Jerry Seinfield famously quipped that allegiance to a favorite professional sports team is no more than rooting for the laundry. He had a point. Given the changing nature of rosters and the sometimes questionable character of the humans who fill those roster spots, the connection between fan and team seems to be more about the uniform than anything else. When Pau Gasol wore Laker gold and blue he was the enemy. In the silver and black of the Spurs he gets my full-blooded support. I doubt Pau Gasol is a different person in this career incarnation, although a training camp with team-first Coach Pop probably opened Pau's eyes to the hipster fraud he suffered under previously; a "zen master" whose peace of mind came only from force feeding the ball to the most selfish, arrogant shooting guard...
I may have gotten off track here. The point is that for a large portion of our population, sports stirs our passion like nothing else. From an entertainment perspective, sports is the original reality show. Ask anybody who has ever been cut from a team what it is like getting kicked off the island and they can tell you. But this reality show draws its cast from superheroes. A couple of years ago I saw Odell Beckham make a catch against the Cowboys that Spiderman would have missed on his best day. LeBron James rising to throw down a tomahawk bears so little resemblance to the guy in the recliner cheering him on that it is hard to see that they (okay, we) are part of the same species, let alone that we are somehow bonded together in a common human experience. All of which describes why we experience the thrill of victory when heroes succeed.
The agony of defeat is something else. If Superman loses to the villain four movies in a row, you are probably not buying a ticket for the fifth episode. Yet, this Sunday, the Dawg Pound in Cleveland will be filled with rabid fans rooting on the only team in NFL yet to win a game. The 76ers won 12% of their games last year; by all rights that show should be cancelled, but it is not. Clearly something powerful glues us to a franchise through thick and thin.
I am no psychiatrist and even if I was, I would be hesitant to ascribe my feelings to every sports fan. I do know, however, that when the Chicago Cubs take the field for the first World Series game at Wrigley Field since 1945, fighting for their first Word Championship in over a century, my heart will be full. While I never lived in Chicago, my family is from a small town not far from the Windy City. Every summer we would visit and I would sit on the patio in the afternoon with Grandpa John listening to the game. He enjoyed an Old Milwaukee Light and or two and I would have my root beer float. Lou Boudreau was the announcer then and he could infrequently say "Kiss it Goodbye" when a Cubbie hit travelled beyond the ivy-covered walls.
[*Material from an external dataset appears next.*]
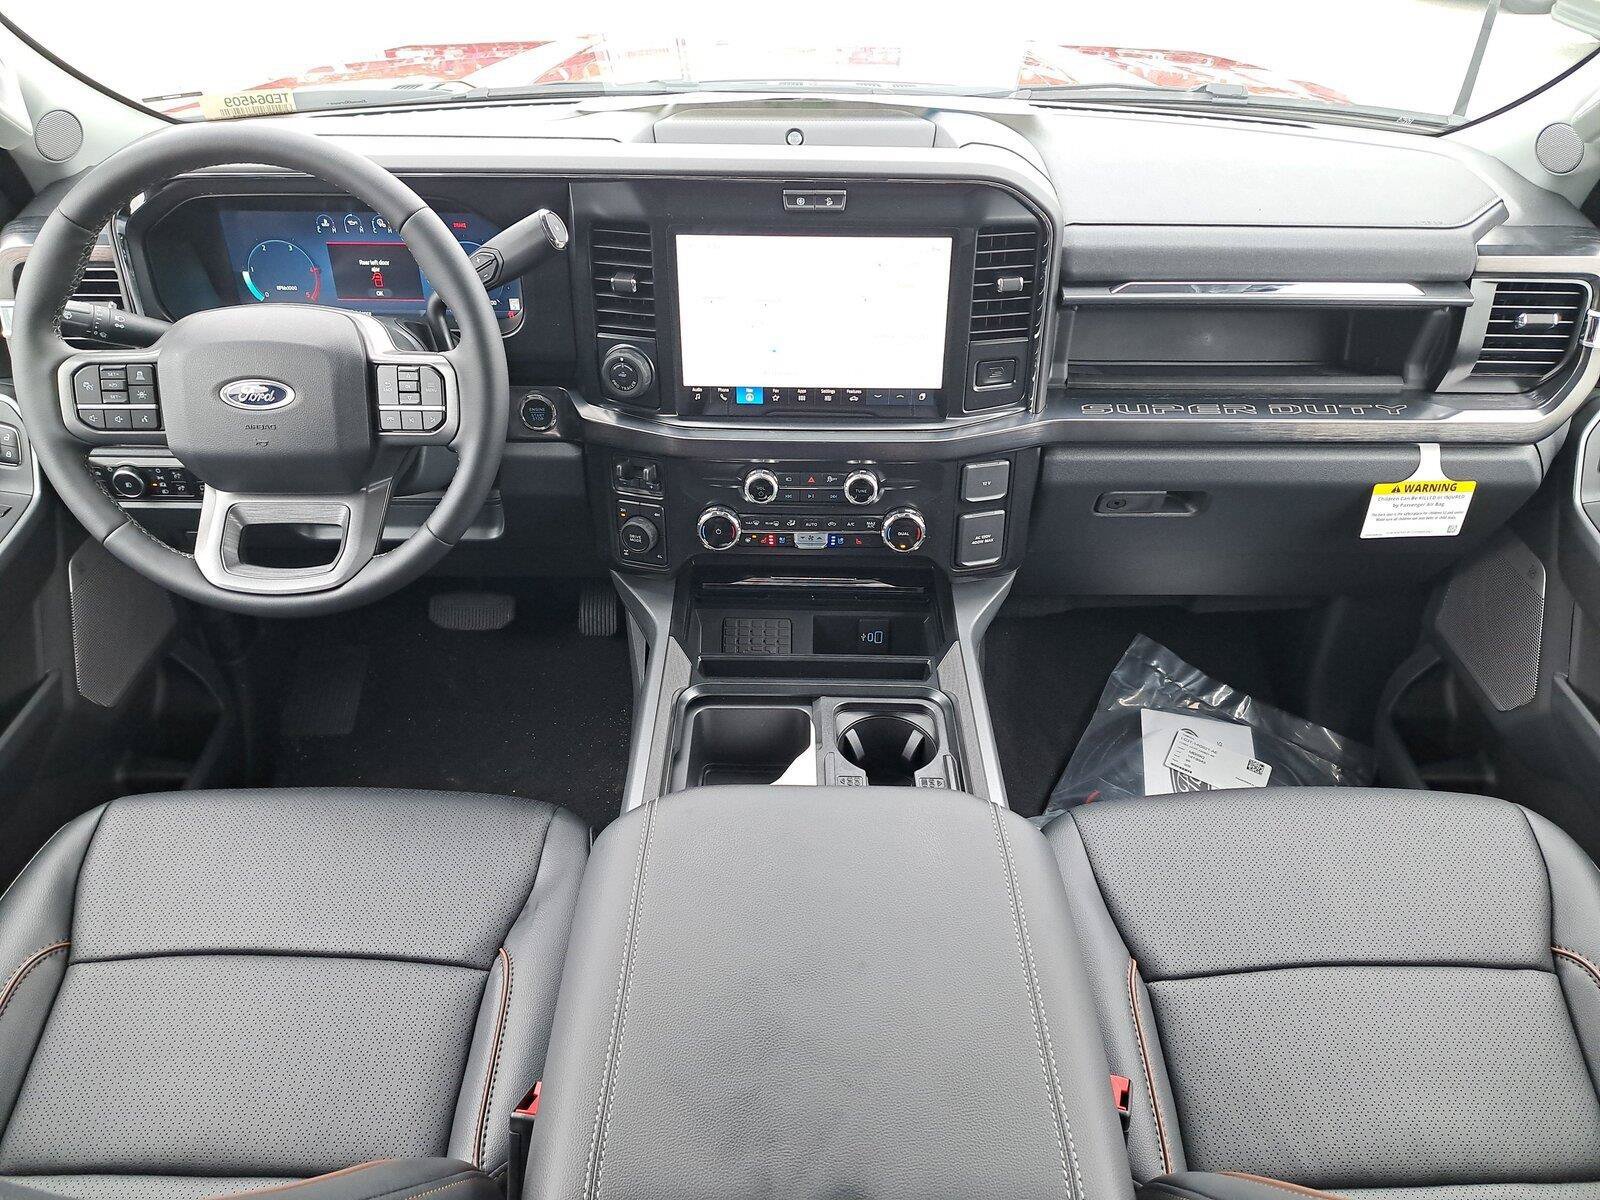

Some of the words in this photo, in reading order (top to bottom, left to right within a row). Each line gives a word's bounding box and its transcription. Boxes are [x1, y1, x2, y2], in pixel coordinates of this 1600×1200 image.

In between batters, Grandpa would tell stories about the players, the city and the ballpark. Through his tales, Chicago and the Cubs became a priority for me. Ernie Banks became my favorite Cub when his aging body almost got the team to the playoffs in 1969. One of the top-ten days of my life came a few years later. Grandpa and a friend took my brother and me to Wrigley for a game. I have no idea if the Cubs won or lost, but I can still feel the sunshine and the summer breeze off the lake. I can hear the story about Babe Ruth calling his shot, told with a laugh that said that while the world order demanded the Yankees win, that fact did not shake Grandpa's allegiance to the hometown heroes. Most of all, I can still feel Grandpa's hand on my shoulder as we left the park, steering me through thousands of people who, like me, had their everyday worries lifted away by a game.
Sports can teach so many lessons. Teamwork, perseverance, maximum effort and sportsmanship are all admirable goals, useful traits for life. We learn these things when we play the game. As a fan, however, the lessons do not translate quite as easily. Looking back, I learned two things from grandfather and the Cubs. First, loyalty is a defining character trait and it is not loyalty if you qualify your love based on results. Second, life's experiences are richer when they are shared.
Cub fans are the best example of this ethic. If the team should pull off a Series win, they will be champions for the first time since 1908, when my grandfather was a five year-old boy. But win or lose, Wrigleyville will be alive with people who share something outside of themselves. Those common bonds are powerful precisely because they are built over time and through adversity. In a world divided, we need more in common. In a sour nation, we need more joy.
You can find both tonight on West Addison Street in Chicago. At the first pitch, I will raise a toast to Grandpa John. I haven't decided whether it will be an Old Milwaukee Light or a root beer float.